▶ **Given records**:
>>>

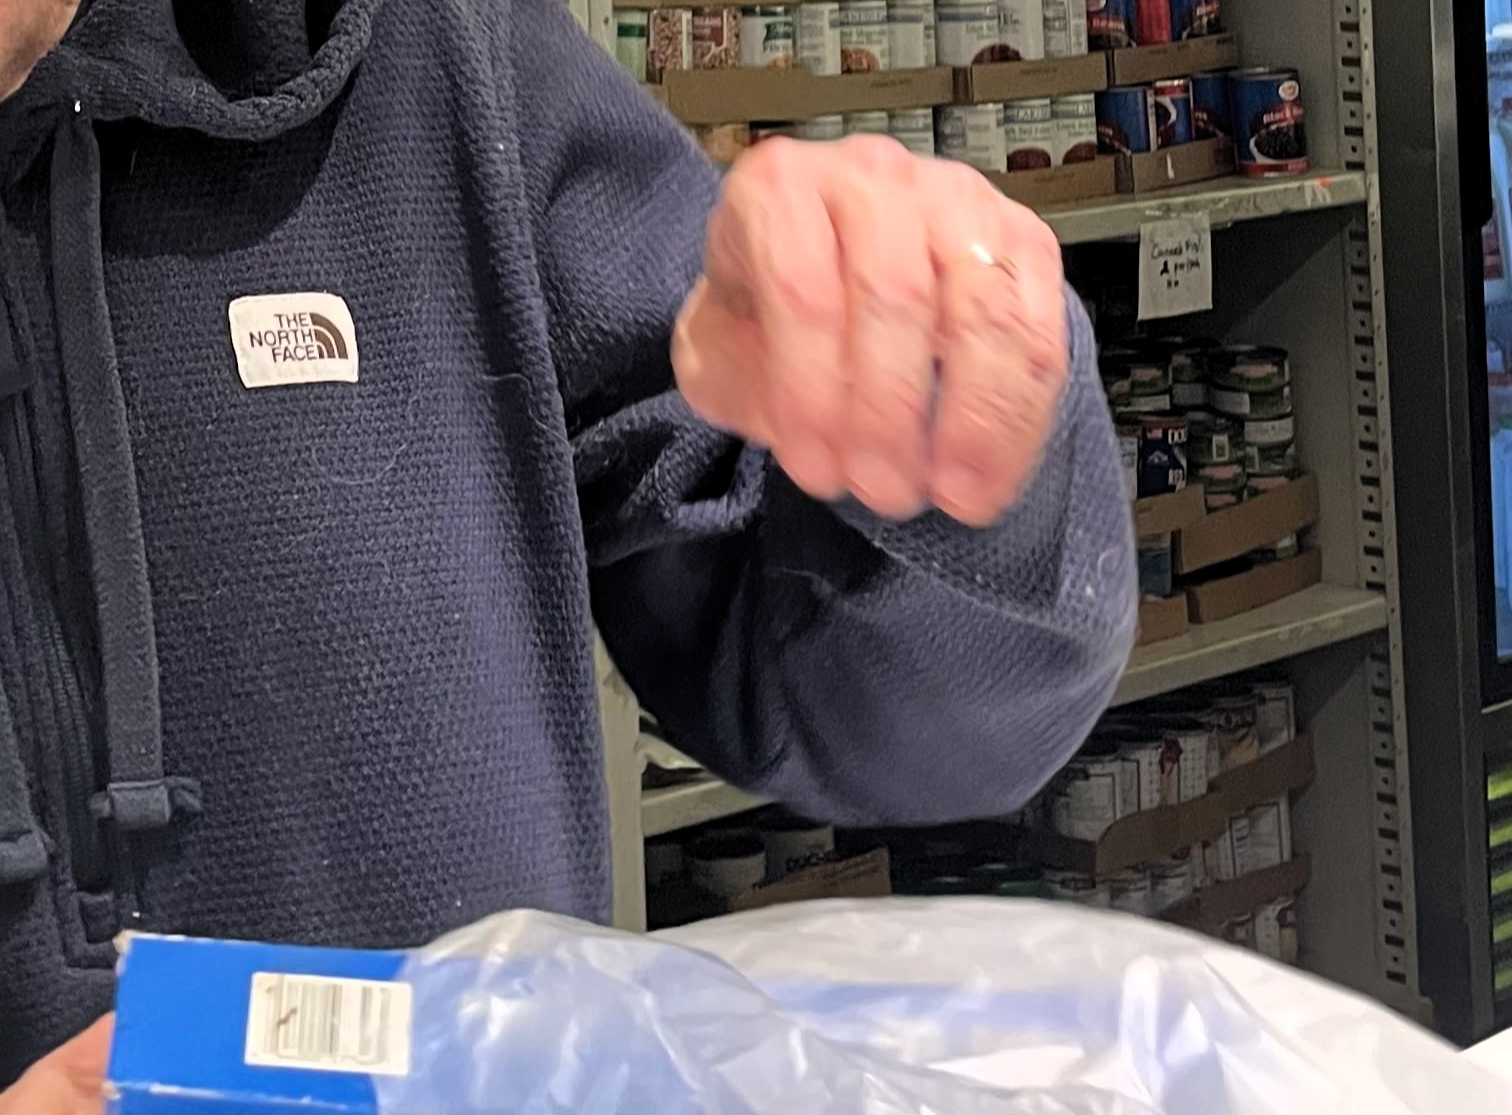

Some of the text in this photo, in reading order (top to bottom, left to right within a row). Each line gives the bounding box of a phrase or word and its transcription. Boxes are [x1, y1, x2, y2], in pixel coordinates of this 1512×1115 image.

[274, 312, 309, 329] THE
[249, 329, 314, 348] NORTH
[271, 344, 315, 364] FACE
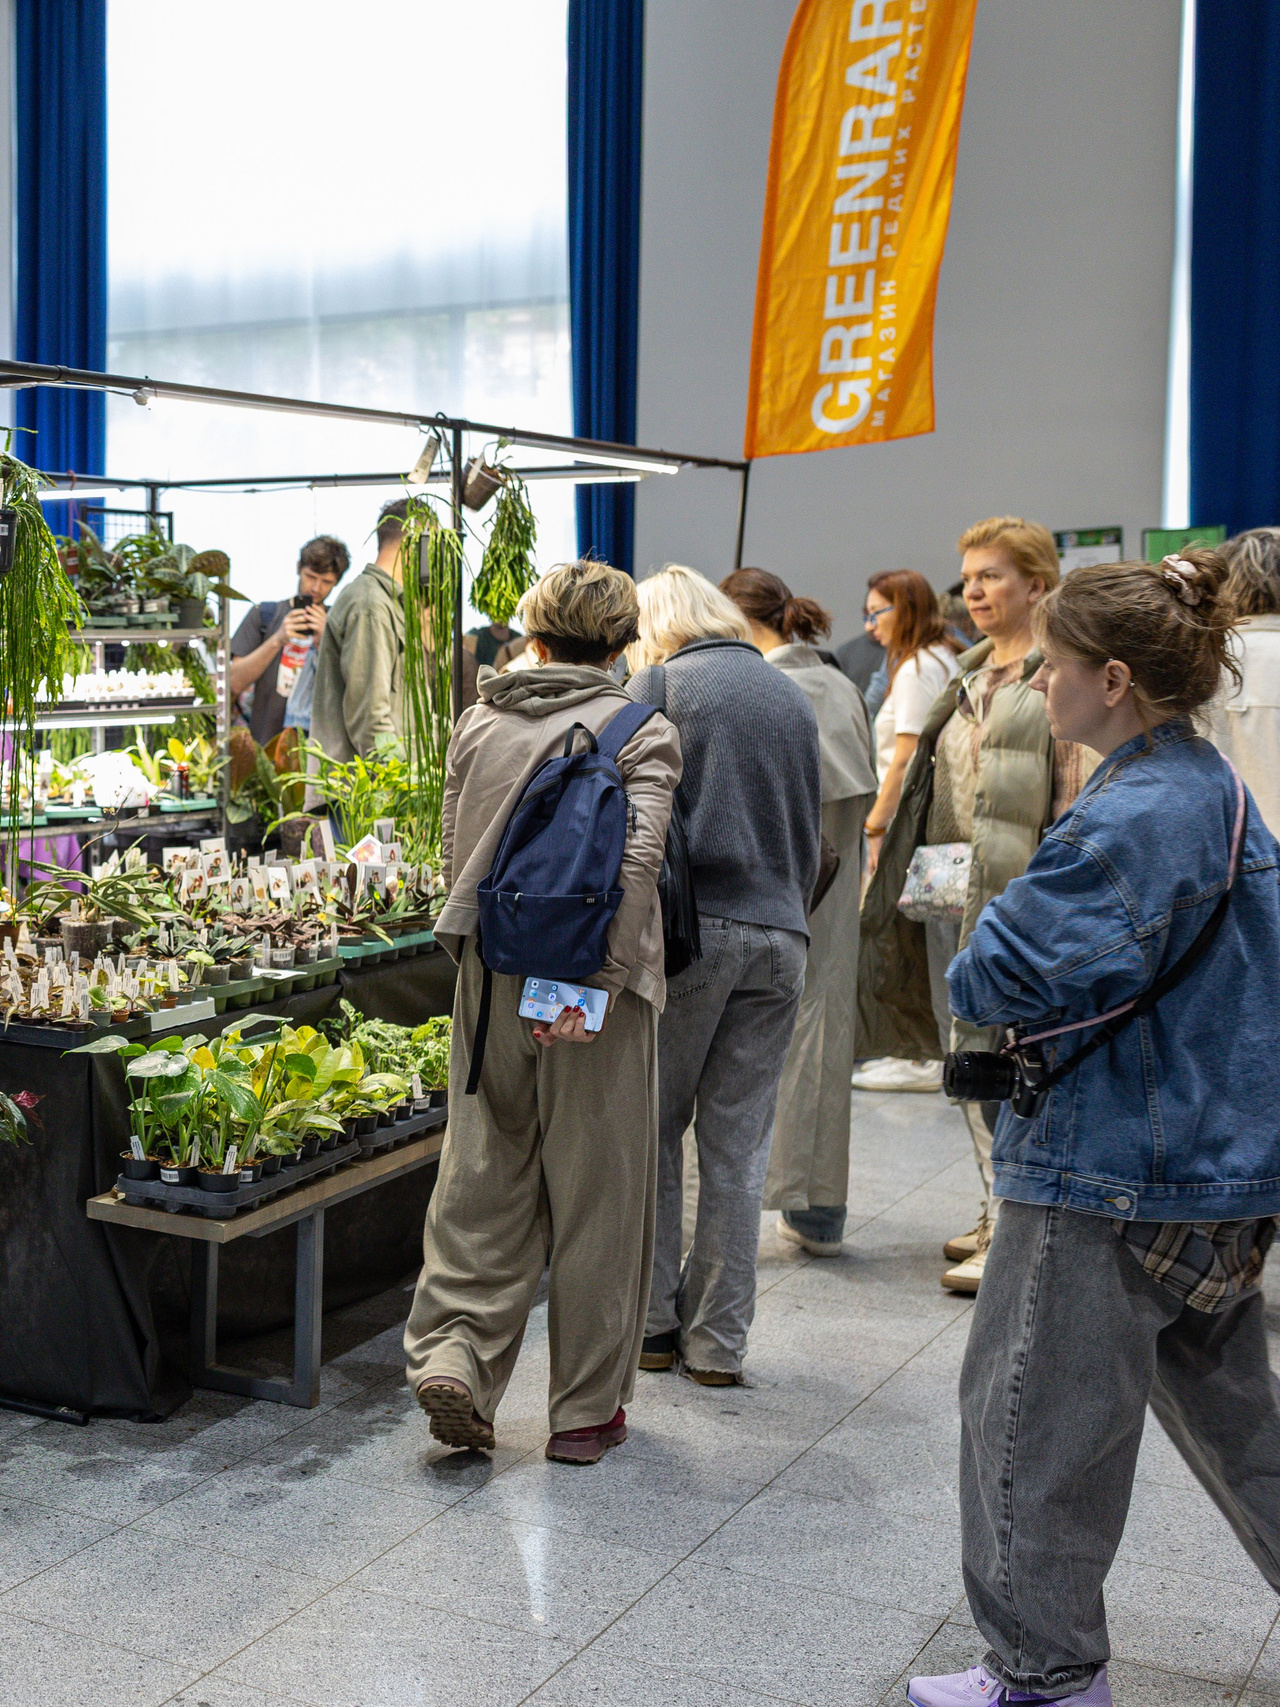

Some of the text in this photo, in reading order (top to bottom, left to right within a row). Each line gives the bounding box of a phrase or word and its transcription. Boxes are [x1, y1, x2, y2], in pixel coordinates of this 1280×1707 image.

<<<

▶ **Aim of the task**:
Omit the pictures, then copy out all the data exactly as it stands.

▶ **Completed task**:
Some of the text in this photo, in reading order (top to bottom, left to right within a row). Each line gives the bounding box of a phrase or word and its transcription. Boxes are [x1, y1, x2, y2], in pixel coordinates of this 1512×1115 image.

[274, 312, 309, 329] THE
[249, 329, 314, 348] NORTH
[271, 344, 315, 364] FACE

Some of the text in this photo, in reading order (top to bottom, left to right within a row). Each line gives the bounding box of a phrase or word and its transcription. Boxes are [x1, y1, x2, y2], in pixel coordinates of this 1280×1707 image.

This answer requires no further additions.